+++ Exercise inputs

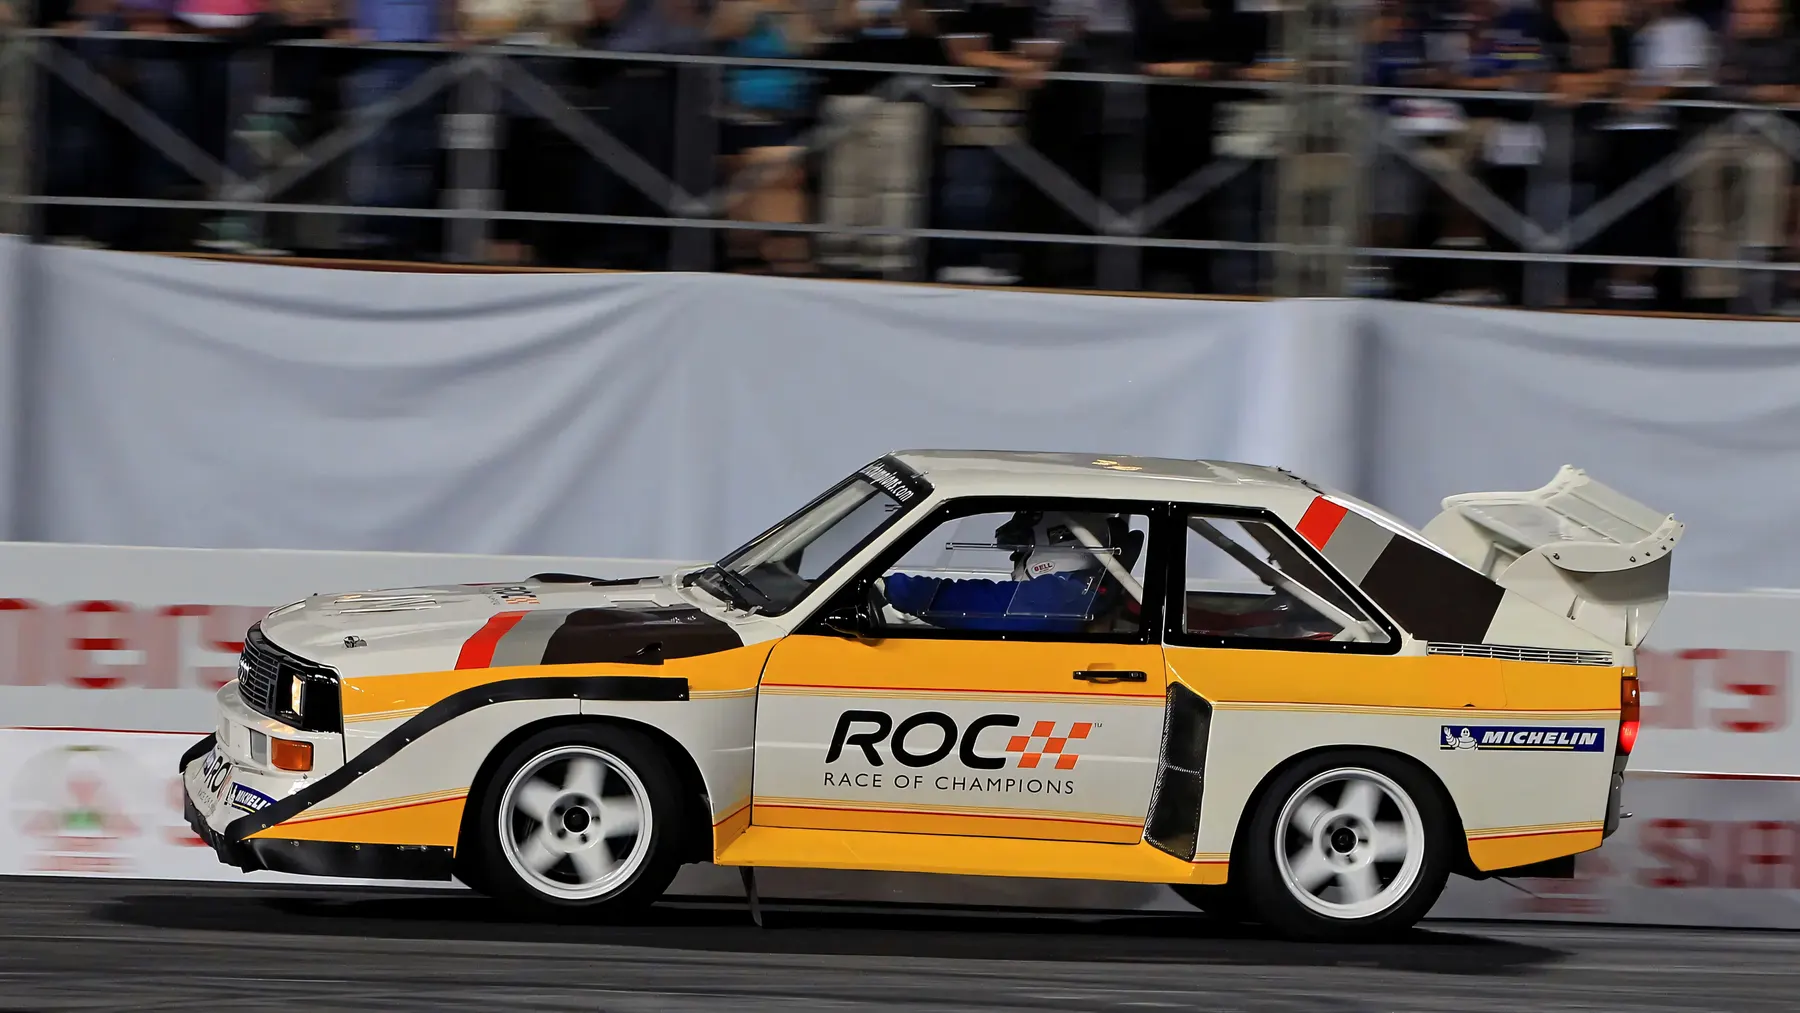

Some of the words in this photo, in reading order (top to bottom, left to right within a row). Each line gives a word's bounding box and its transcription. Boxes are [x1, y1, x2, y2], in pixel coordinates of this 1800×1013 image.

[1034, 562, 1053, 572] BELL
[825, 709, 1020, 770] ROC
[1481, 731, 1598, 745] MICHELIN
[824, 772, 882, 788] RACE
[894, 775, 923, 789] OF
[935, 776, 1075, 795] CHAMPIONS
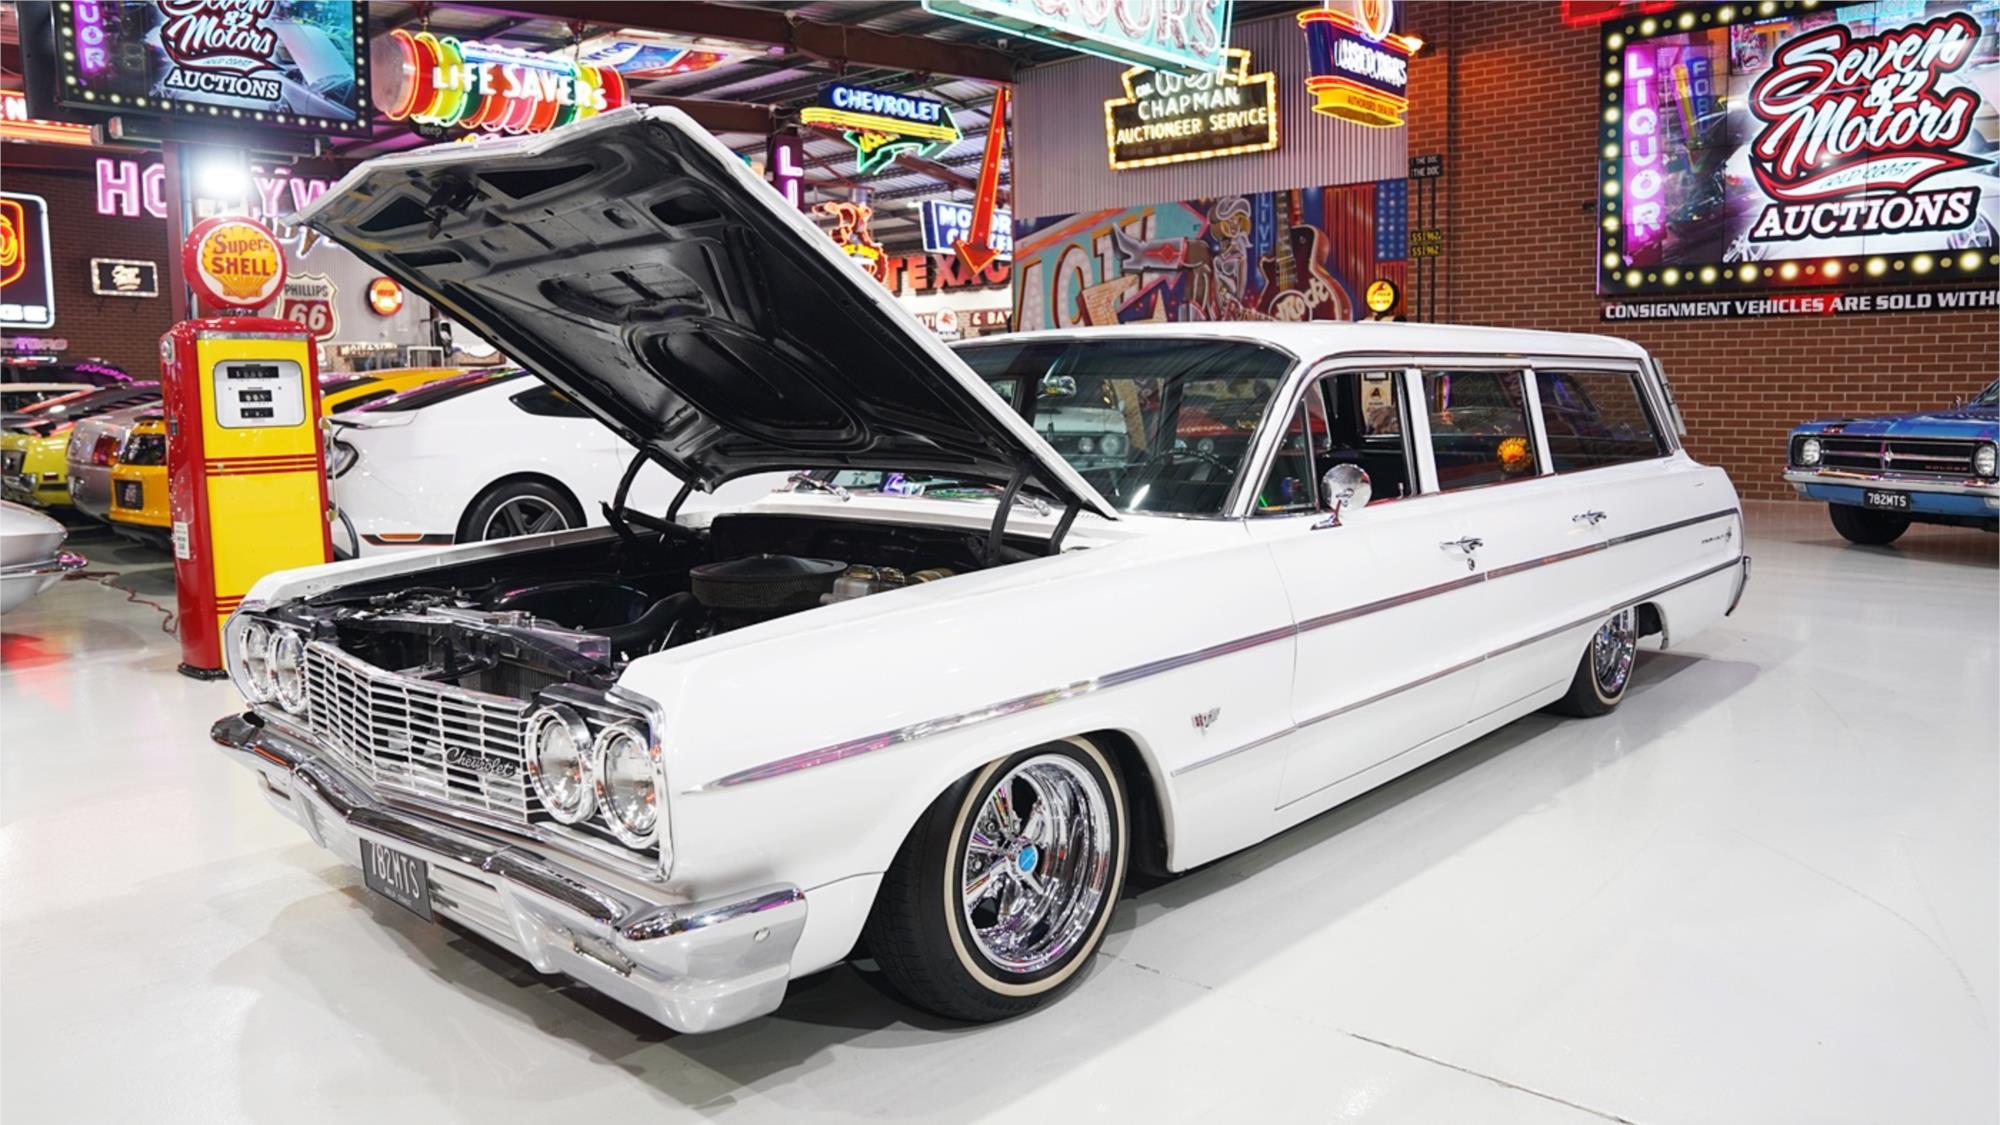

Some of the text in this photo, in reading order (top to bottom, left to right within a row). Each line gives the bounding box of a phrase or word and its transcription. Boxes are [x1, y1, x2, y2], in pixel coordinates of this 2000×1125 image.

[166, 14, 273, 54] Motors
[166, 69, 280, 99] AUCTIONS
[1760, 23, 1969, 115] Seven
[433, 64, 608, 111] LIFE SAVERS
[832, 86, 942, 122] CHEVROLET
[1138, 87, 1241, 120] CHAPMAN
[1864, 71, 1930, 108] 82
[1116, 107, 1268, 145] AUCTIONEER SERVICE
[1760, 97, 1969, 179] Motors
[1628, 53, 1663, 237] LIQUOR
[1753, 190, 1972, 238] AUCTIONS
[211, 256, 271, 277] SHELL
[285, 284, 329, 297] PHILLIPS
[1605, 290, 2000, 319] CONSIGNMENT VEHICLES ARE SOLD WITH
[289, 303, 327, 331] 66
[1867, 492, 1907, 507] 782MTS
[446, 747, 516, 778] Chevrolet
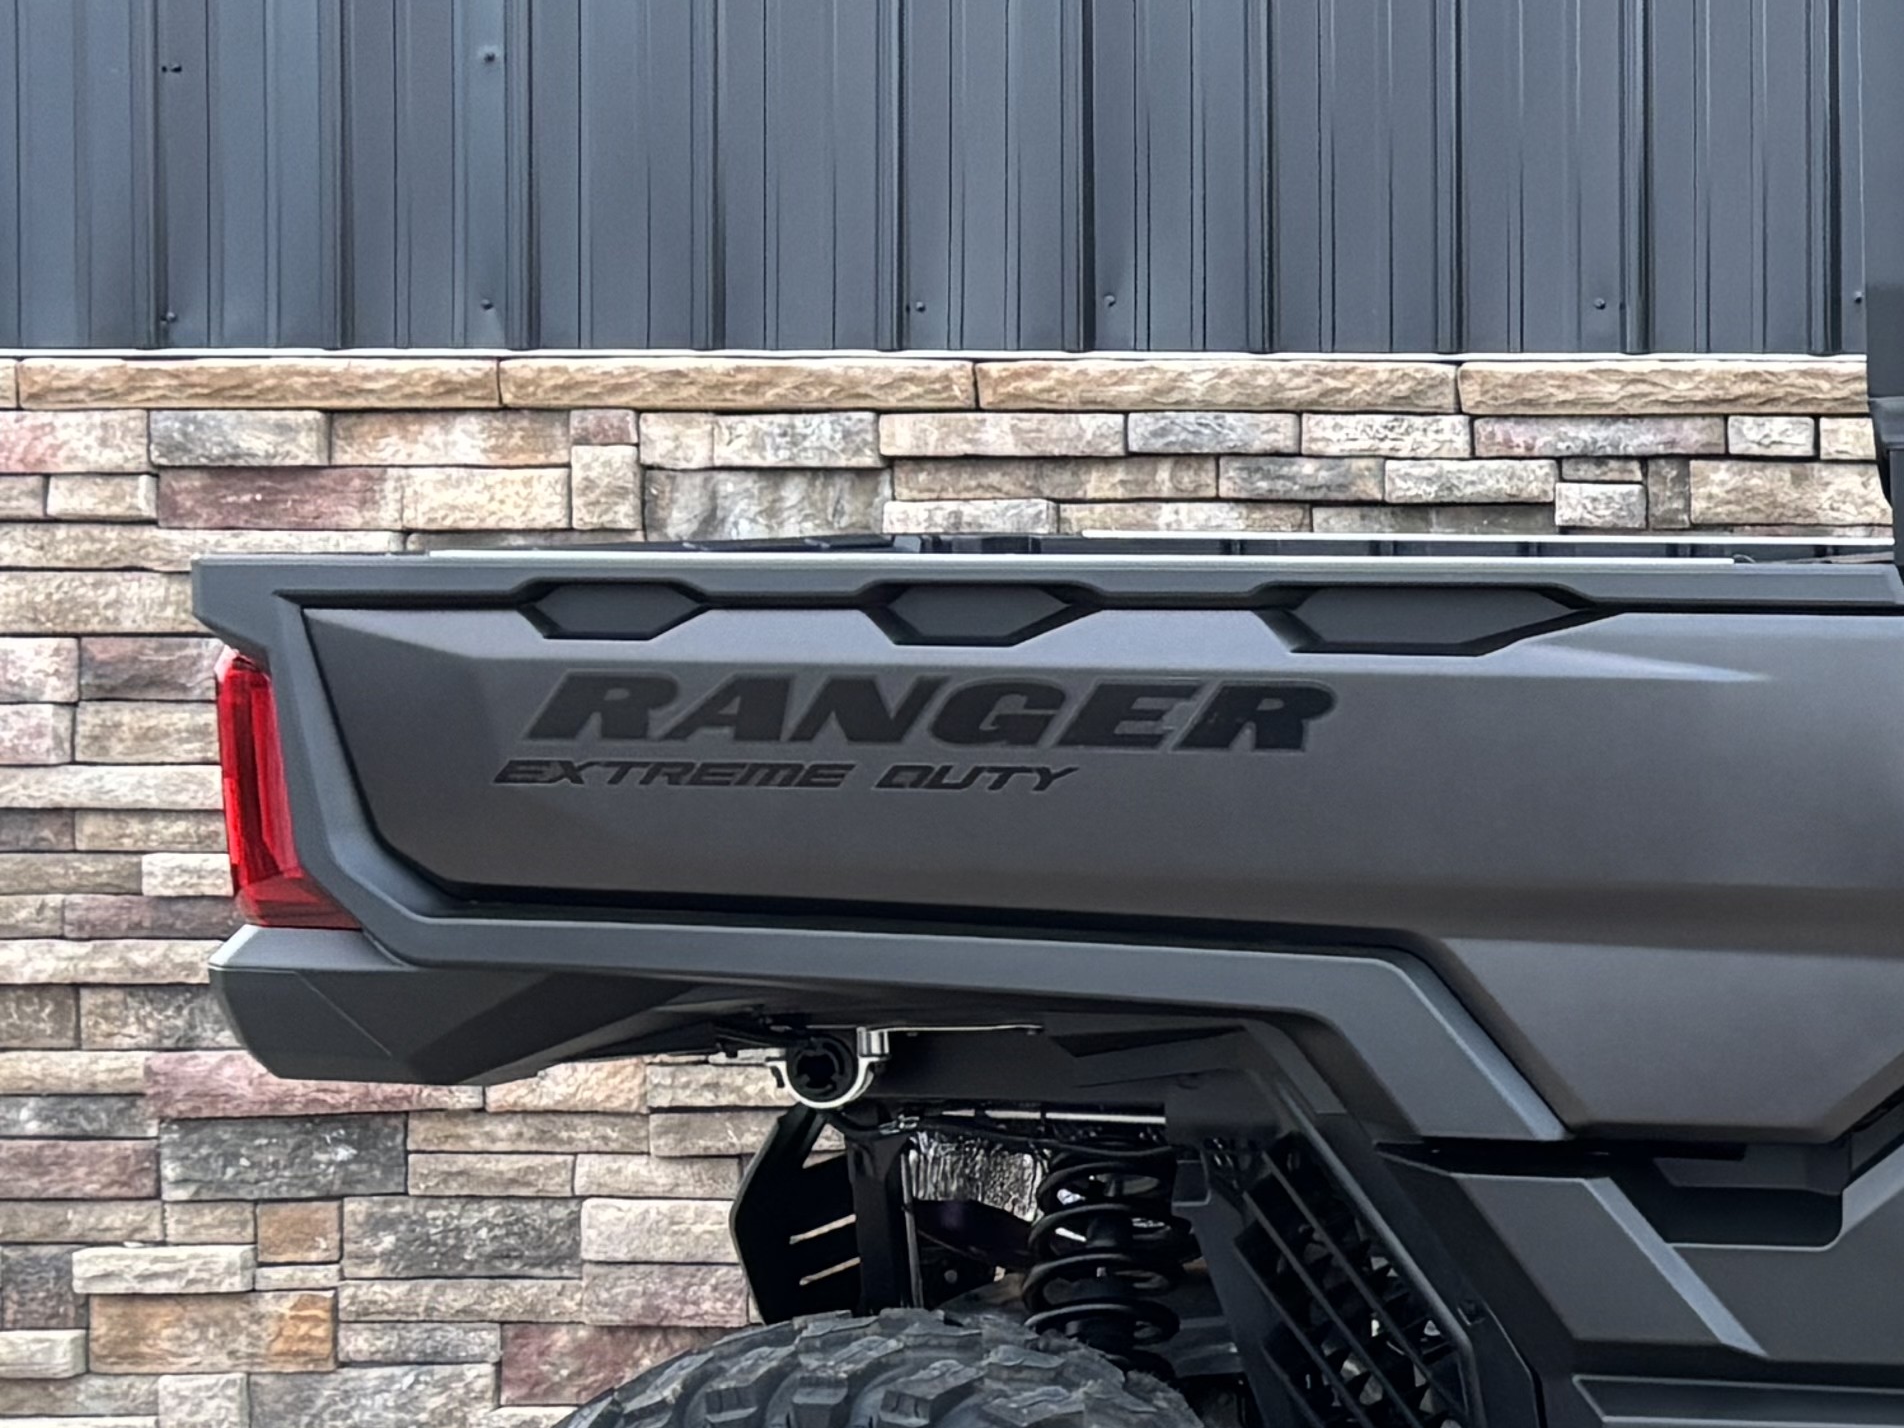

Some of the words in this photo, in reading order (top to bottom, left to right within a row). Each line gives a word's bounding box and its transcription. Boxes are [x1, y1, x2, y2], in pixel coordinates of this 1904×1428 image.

++++++

Task objective
The entries are to be reproduced exactly, excluding any pictures they contain.

Your solution
Some of the words in this photo, in reading order (top to bottom, left to right within a row). Each line gives a word's bounding box and its transcription. Boxes are [x1, y1, x2, y2], in pixel coordinates of this 1800×1013 image.

[1034, 562, 1053, 572] BELL
[825, 709, 1020, 770] ROC
[1481, 731, 1598, 745] MICHELIN
[824, 772, 882, 788] RACE
[894, 775, 923, 789] OF
[935, 776, 1075, 795] CHAMPIONS

Some of the text in this photo, in reading order (top to bottom, left to right within a row). Each line gives the bounding box of a phrase or word and its transcription. Boxes are [x1, y1, x2, y2], in pixel coordinates of this 2000×1125 image.

[166, 14, 273, 54] Motors
[166, 69, 280, 99] AUCTIONS
[1760, 23, 1969, 115] Seven
[433, 64, 608, 111] LIFE SAVERS
[832, 86, 942, 122] CHEVROLET
[1138, 87, 1241, 120] CHAPMAN
[1864, 71, 1930, 108] 82
[1116, 107, 1268, 145] AUCTIONEER SERVICE
[1760, 97, 1969, 179] Motors
[1628, 53, 1663, 237] LIQUOR
[1753, 190, 1972, 238] AUCTIONS
[211, 256, 271, 277] SHELL
[285, 284, 329, 297] PHILLIPS
[1605, 290, 2000, 319] CONSIGNMENT VEHICLES ARE SOLD WITH
[289, 303, 327, 331] 66
[1867, 492, 1907, 507] 782MTS
[446, 747, 516, 778] Chevrolet

Some of the words in this photo, in reading order (top to bottom, left to right within a row). Each line gives a word's bounding box and its transcription. Boxes are [x1, y1, x2, y2], in pixel coordinates of this 1904×1428 image.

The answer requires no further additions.